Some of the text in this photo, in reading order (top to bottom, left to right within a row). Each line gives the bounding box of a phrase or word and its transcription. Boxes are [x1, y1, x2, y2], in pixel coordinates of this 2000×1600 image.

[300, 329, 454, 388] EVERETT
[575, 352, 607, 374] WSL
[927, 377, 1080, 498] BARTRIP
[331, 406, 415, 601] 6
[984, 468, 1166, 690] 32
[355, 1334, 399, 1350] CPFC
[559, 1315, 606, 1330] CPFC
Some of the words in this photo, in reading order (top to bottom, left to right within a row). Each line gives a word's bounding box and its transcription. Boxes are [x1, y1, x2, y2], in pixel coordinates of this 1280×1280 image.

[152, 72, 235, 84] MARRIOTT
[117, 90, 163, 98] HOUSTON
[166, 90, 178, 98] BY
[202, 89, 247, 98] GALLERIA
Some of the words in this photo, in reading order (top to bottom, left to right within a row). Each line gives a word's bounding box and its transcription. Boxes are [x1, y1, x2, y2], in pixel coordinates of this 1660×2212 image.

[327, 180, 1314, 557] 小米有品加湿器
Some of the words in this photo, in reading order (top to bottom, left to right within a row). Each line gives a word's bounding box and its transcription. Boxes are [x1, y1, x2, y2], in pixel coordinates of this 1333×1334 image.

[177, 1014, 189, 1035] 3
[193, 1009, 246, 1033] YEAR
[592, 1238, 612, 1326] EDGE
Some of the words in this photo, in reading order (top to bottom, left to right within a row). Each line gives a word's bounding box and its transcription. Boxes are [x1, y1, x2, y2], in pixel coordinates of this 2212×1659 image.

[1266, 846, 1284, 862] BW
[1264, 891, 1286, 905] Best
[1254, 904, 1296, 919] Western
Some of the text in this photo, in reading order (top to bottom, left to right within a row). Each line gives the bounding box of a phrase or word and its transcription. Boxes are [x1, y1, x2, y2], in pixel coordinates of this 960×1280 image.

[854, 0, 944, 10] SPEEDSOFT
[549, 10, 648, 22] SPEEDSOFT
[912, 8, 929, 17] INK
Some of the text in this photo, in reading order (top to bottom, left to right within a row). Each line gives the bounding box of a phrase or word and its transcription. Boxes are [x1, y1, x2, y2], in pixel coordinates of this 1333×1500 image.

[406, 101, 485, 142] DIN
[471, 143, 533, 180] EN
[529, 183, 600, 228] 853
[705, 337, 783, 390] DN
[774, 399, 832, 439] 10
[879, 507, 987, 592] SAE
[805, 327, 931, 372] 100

--------------------

What is being asked:
Word for word, set down all the lines above.

Solution to the exercise:
Some of the text in this photo, in reading order (top to bottom, left to right within a row). Each line gives the bounding box of a phrase or word and its transcription. Boxes are [x1, y1, x2, y2], in pixel coordinates of this 2000×1600 image.

[300, 329, 454, 388] EVERETT
[575, 352, 607, 374] WSL
[927, 377, 1080, 498] BARTRIP
[331, 406, 415, 601] 6
[984, 468, 1166, 690] 32
[355, 1334, 399, 1350] CPFC
[559, 1315, 606, 1330] CPFC
Some of the words in this photo, in reading order (top to bottom, left to right within a row). Each line gives a word's bounding box and its transcription. Boxes are [x1, y1, x2, y2], in pixel coordinates of this 1280×1280 image.

[152, 72, 235, 84] MARRIOTT
[117, 90, 163, 98] HOUSTON
[166, 90, 178, 98] BY
[202, 89, 247, 98] GALLERIA
Some of the words in this photo, in reading order (top to bottom, left to right within a row). Each line gives a word's bounding box and its transcription. Boxes are [x1, y1, x2, y2], in pixel coordinates of this 1660×2212 image.

[327, 180, 1314, 557] 小米有品加湿器
Some of the words in this photo, in reading order (top to bottom, left to right within a row). Each line gives a word's bounding box and its transcription. Boxes are [x1, y1, x2, y2], in pixel coordinates of this 1333×1334 image.

[177, 1014, 189, 1035] 3
[193, 1009, 246, 1033] YEAR
[592, 1238, 612, 1326] EDGE
Some of the words in this photo, in reading order (top to bottom, left to right within a row). Each line gives a word's bounding box and its transcription. Boxes are [x1, y1, x2, y2], in pixel coordinates of this 2212×1659 image.

[1266, 846, 1284, 862] BW
[1264, 891, 1286, 905] Best
[1254, 904, 1296, 919] Western
Some of the text in this photo, in reading order (top to bottom, left to right within a row). Each line gives the bounding box of a phrase or word and its transcription. Boxes are [x1, y1, x2, y2], in pixel coordinates of this 960×1280 image.

[854, 0, 944, 10] SPEEDSOFT
[549, 10, 648, 22] SPEEDSOFT
[912, 8, 929, 17] INK
Some of the text in this photo, in reading order (top to bottom, left to right within a row). Each line gives the bounding box of a phrase or word and its transcription. Boxes are [x1, y1, x2, y2], in pixel coordinates of this 1333×1500 image.

[406, 101, 485, 142] DIN
[471, 143, 533, 180] EN
[529, 183, 600, 228] 853
[705, 337, 783, 390] DN
[774, 399, 832, 439] 10
[879, 507, 987, 592] SAE
[805, 327, 931, 372] 100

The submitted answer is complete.